Elliott o karierze, mentalności, rodzinie i modzie
Zapraszamy Państwa do lektury wywiadu z Harveyem Elliottem, którego piłkarz udzielił portalowi Soccer Bibble. Anglik w bardzo ciekawej rozmowie opowiedział m.in. o rozwoju swojej kariery, mentalności, rodzinie czy chociażby zainteresowaniu modą.
Na początek zapytam dlaczego numer 67?
Jako dziecko uwielbiałem zawodników grających z numerem 7. Mam na myśli chociażby Luisa Suareza i jemu podobnych piłkarzy. Sam grałem zresztą z tym numerem. Jednak, gdy podpisujesz zawodowy kontrakt w tak młodym wieku to nie masz tak naprawdę możliwości, aby wybrać jakiś niższy numer. 67 było po prostu kolejnym dostępnym, który zawierał 7, więc pomyślałem, że to dobry pomysł. Poza tym byłem wtedy prawym skrzydłowym, więc pomyślałem, że skoro Trent gra na prawej obronie z 66 to całkiem fajnie będzie wyglądało, gdy ja będę obok niego z 67.
Z takim numerem możesz także wiele zdziałać pod kątem tworzenia marki...
Tak, niewielu piłkarzy ma taki numer, więc fajnie jest być pod tym kątem wyjątkowym.
Myślisz, że to coś czego będziesz się trzymał?
Kto wie! Myślę, że gdy pojawi się szansa na przejęcie jakiegoś wielkiego numeru to każdy by marzył, aby taki mieć.
Wraz ze wzlotami pojawiają się także nieuniknione upadki. Dla Ciebie była to z pewnością kontuzja, która przytrafiła się w momencie, w którym byłeś w tak świetnej formie. Jak przyjąłeś informację, że przez jakiś czas będziesz poza grą?
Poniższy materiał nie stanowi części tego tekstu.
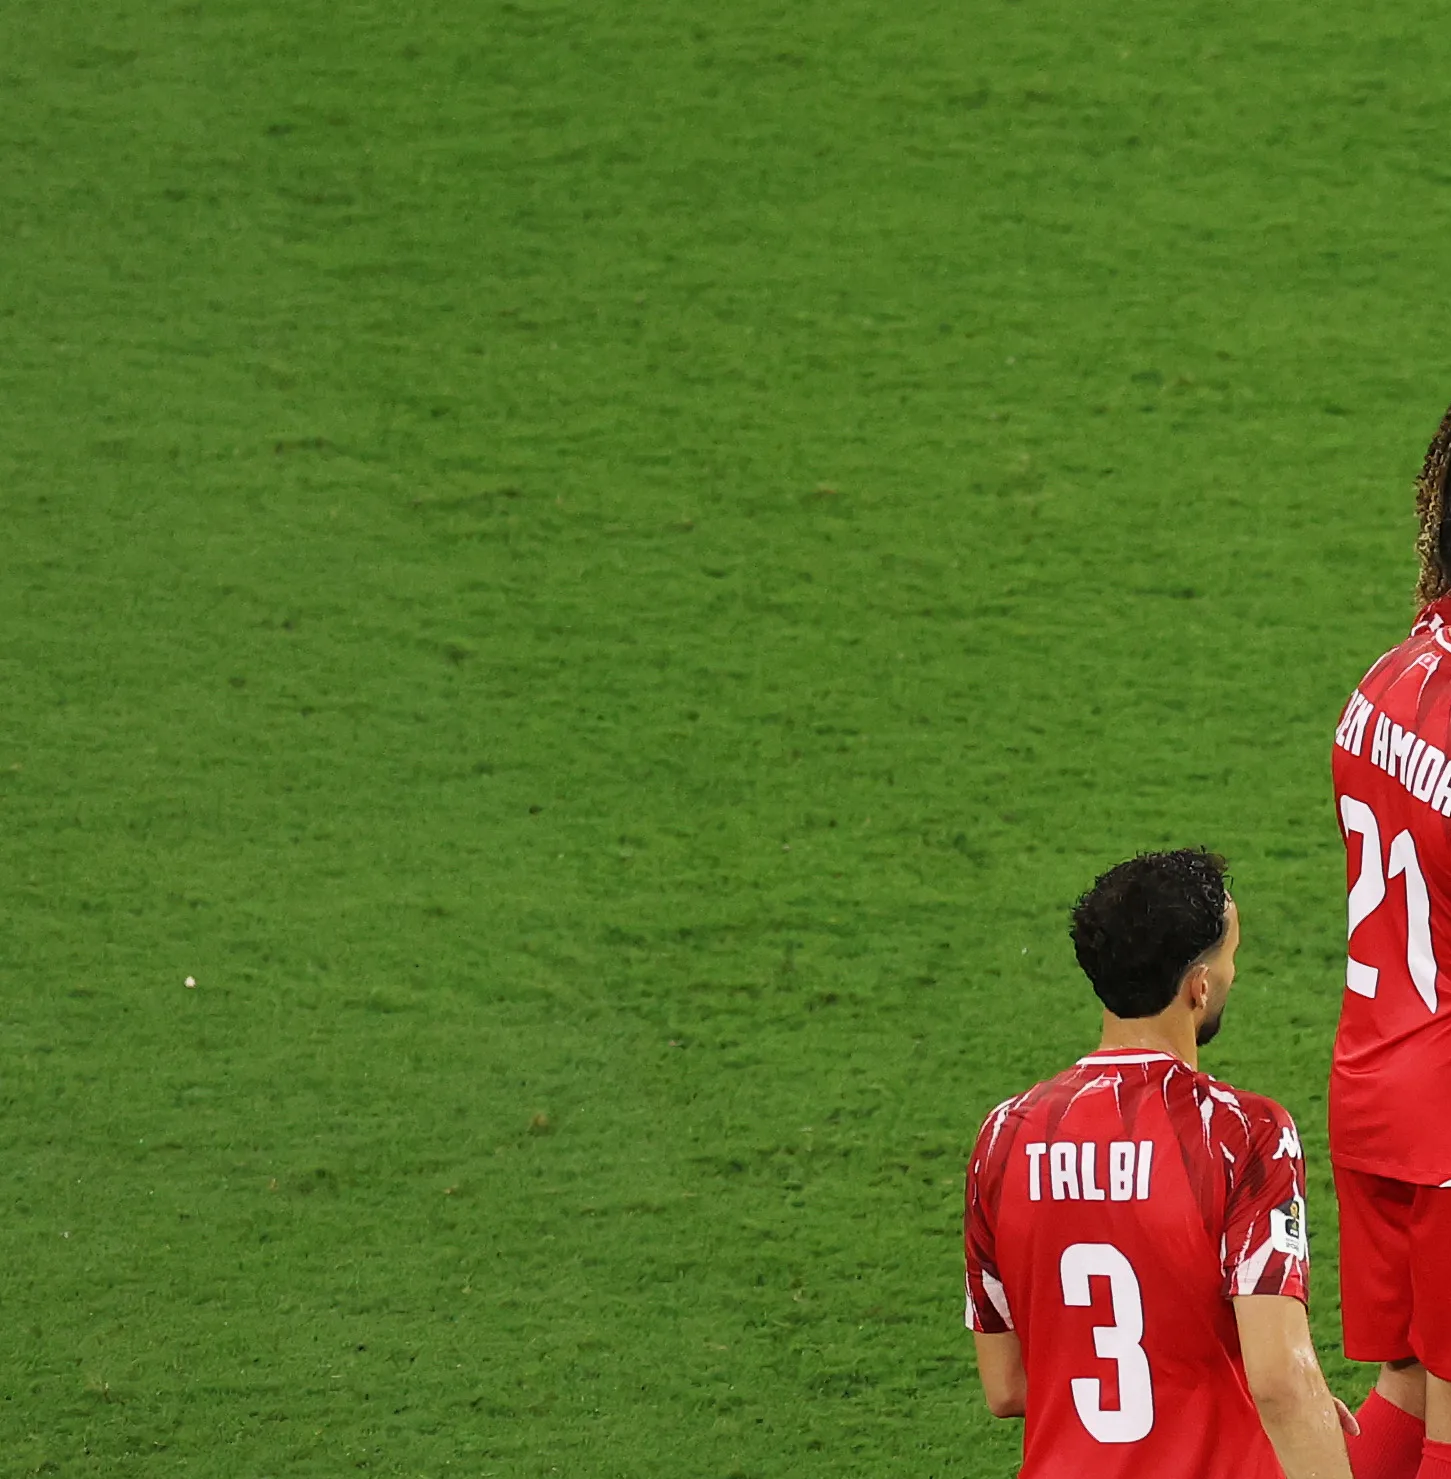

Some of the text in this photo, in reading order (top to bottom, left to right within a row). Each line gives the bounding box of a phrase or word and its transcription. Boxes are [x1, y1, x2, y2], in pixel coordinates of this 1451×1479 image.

[1335, 688, 1375, 757] EN
[1340, 794, 1439, 1015] 21
[1025, 1140, 1154, 1202] TALBI
[1060, 1243, 1155, 1443] 3
Gdy powiedzieli mi jak długo to potrwa to byłem sfrustrowany i tyle. Pomogło mi jednak to, że wtedy jeszcze tego dobrze nie rozumiałem. Potem, gdy zaczyna się rehabilitacja to zawsze mówią o najgorszym scenariuszu, prawda?. Nawet mój tata także tak mówił w wywiadach. Jednak, gdy ktoś podaje ci jakąś datę to starasz się nieco przyśpieszyć i wrócić do gry szybciej. Myślę, że mi osobiście udało się przyśpieszyć o około miesiąc.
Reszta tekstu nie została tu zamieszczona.